A/Prof. David Wood1
1University Of Melbourne, , Australia
Biography:
David Wood is a Principal Research Fellow at the Melbourne Law School with the title of Associate Professor. He has written extensively in criminal law and justice, judicial ethics, jurisprudence and legal theory.
Abstract:
There are terminal illness assisted dying eligibility regimes ("dying" regimes), requiring satisfaction of a capacity criterion and a terminal illness criterion, but not requiring satisfaction of a suffering eligibility criterion (United States jurisdictions). There are suffering legislative eligibility regimes ("suffering" regimes) requiring satisfaction of a capacity criterion and a suffering criterion, but not requiring satisfaction of a terminal illness eligibility criterion (Benelux jurisdictions). And there are combined terminal illness and suffering legislative assisted dying eligibility regimes ("combined" regimes), requiring satisfaction of a capacity criterion, and of both a terminal illness criterion and a suffering criterion (Australian jurisdictions, Canada, New Zealand). However, there are no alternative terminal illness or suffering assisted dying legislative eligibility regimes ("alternative" regimes) to complete the matrix, requiring satisfaction of either a terminal illness criterion or a suffering criterion, but not both.
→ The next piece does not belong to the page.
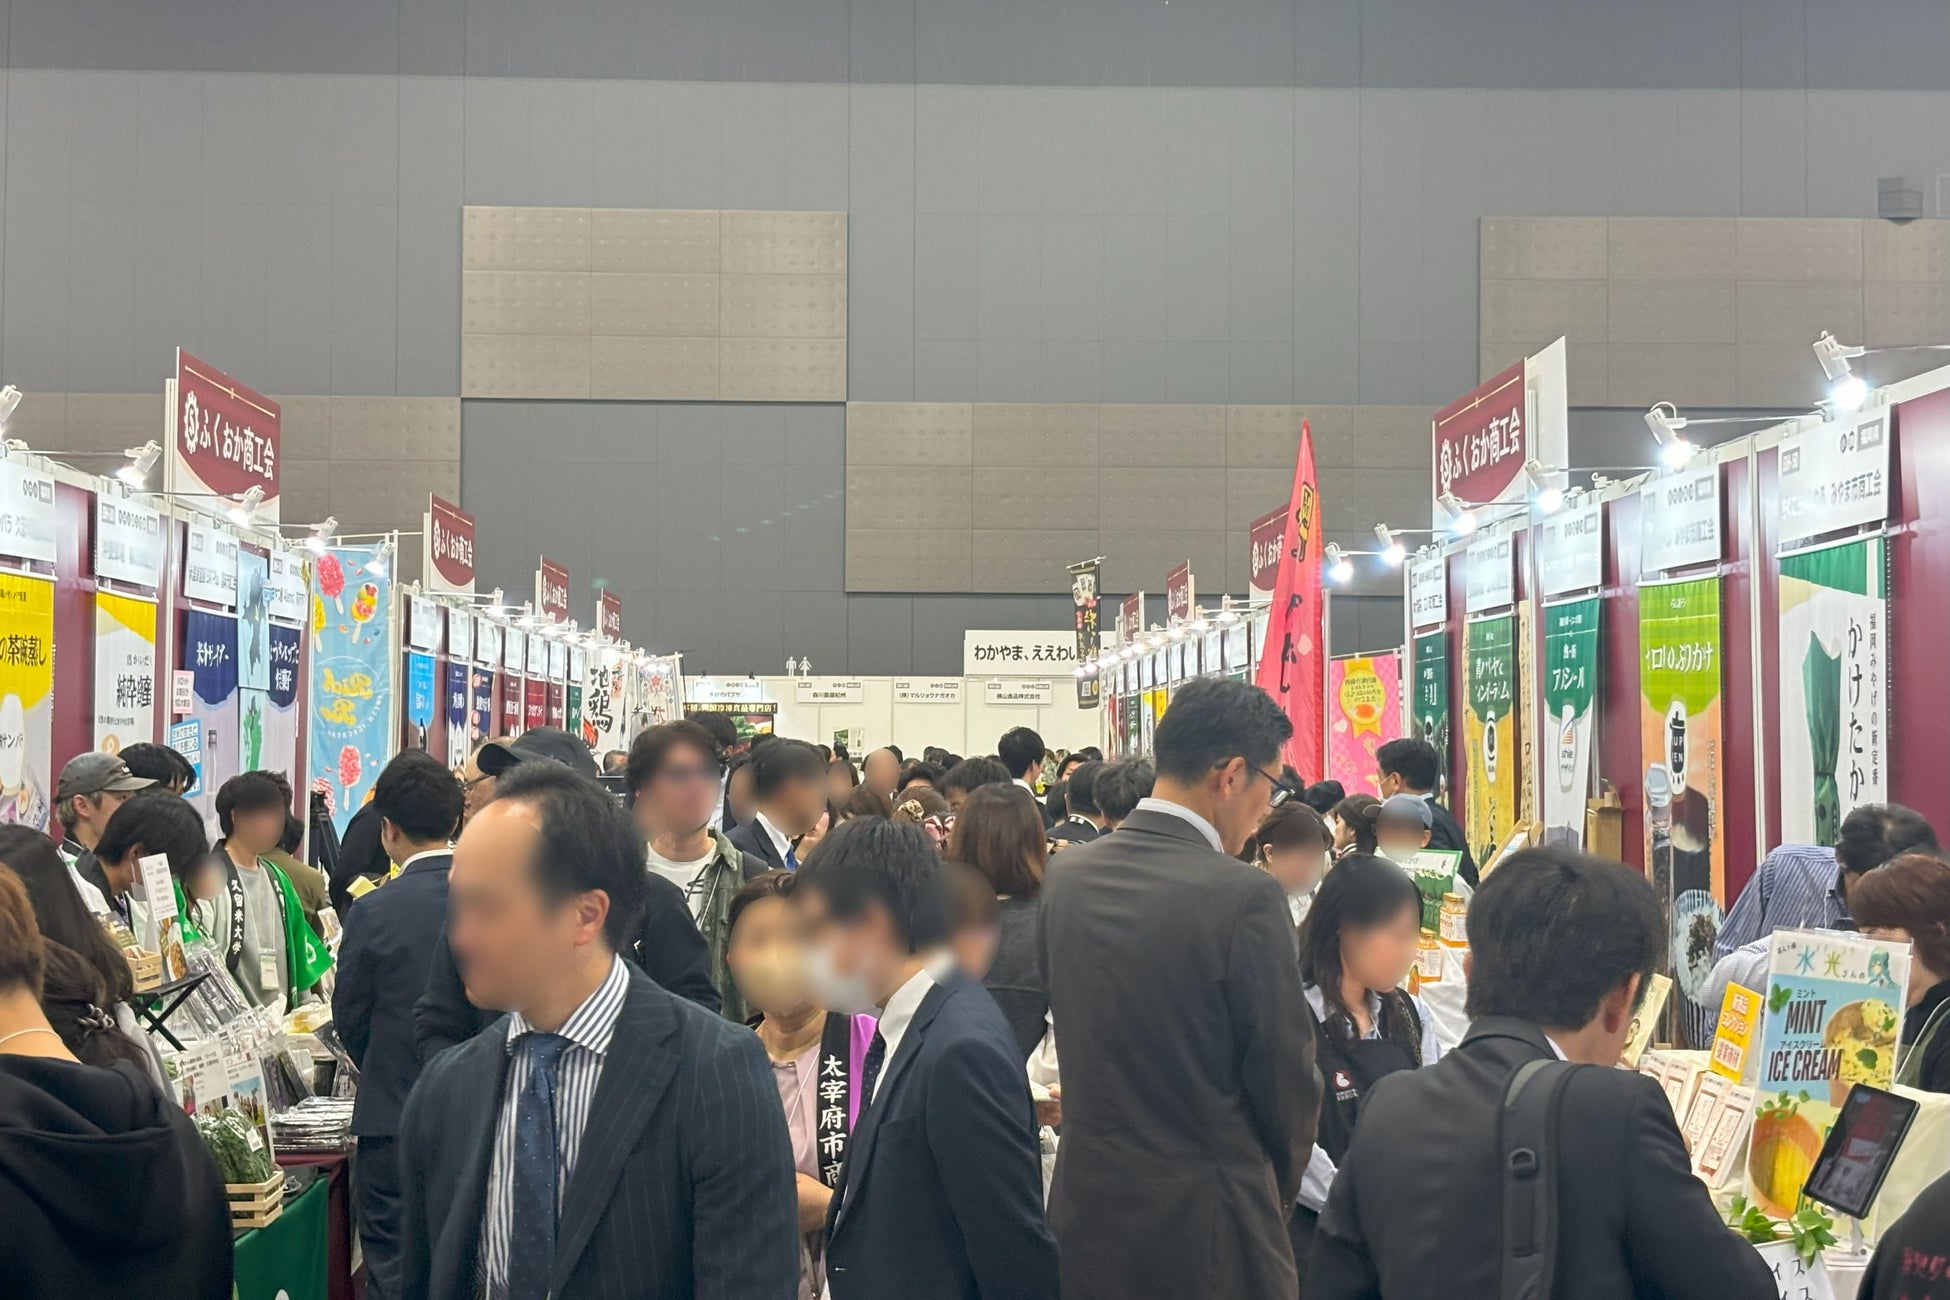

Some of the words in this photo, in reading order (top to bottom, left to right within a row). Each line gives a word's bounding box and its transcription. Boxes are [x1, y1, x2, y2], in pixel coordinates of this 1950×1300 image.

It is not just that no alternative clause has been enacted, no such regime established – no model such clause (insofar as the author is aware) has been drafted, or even proposed. Rather than ask "Why not?", a question pursued elsewhere, the paper proposes a model alternative terminal illness or suffering eligibility clause, and provides explanatory notes, and further examination and review.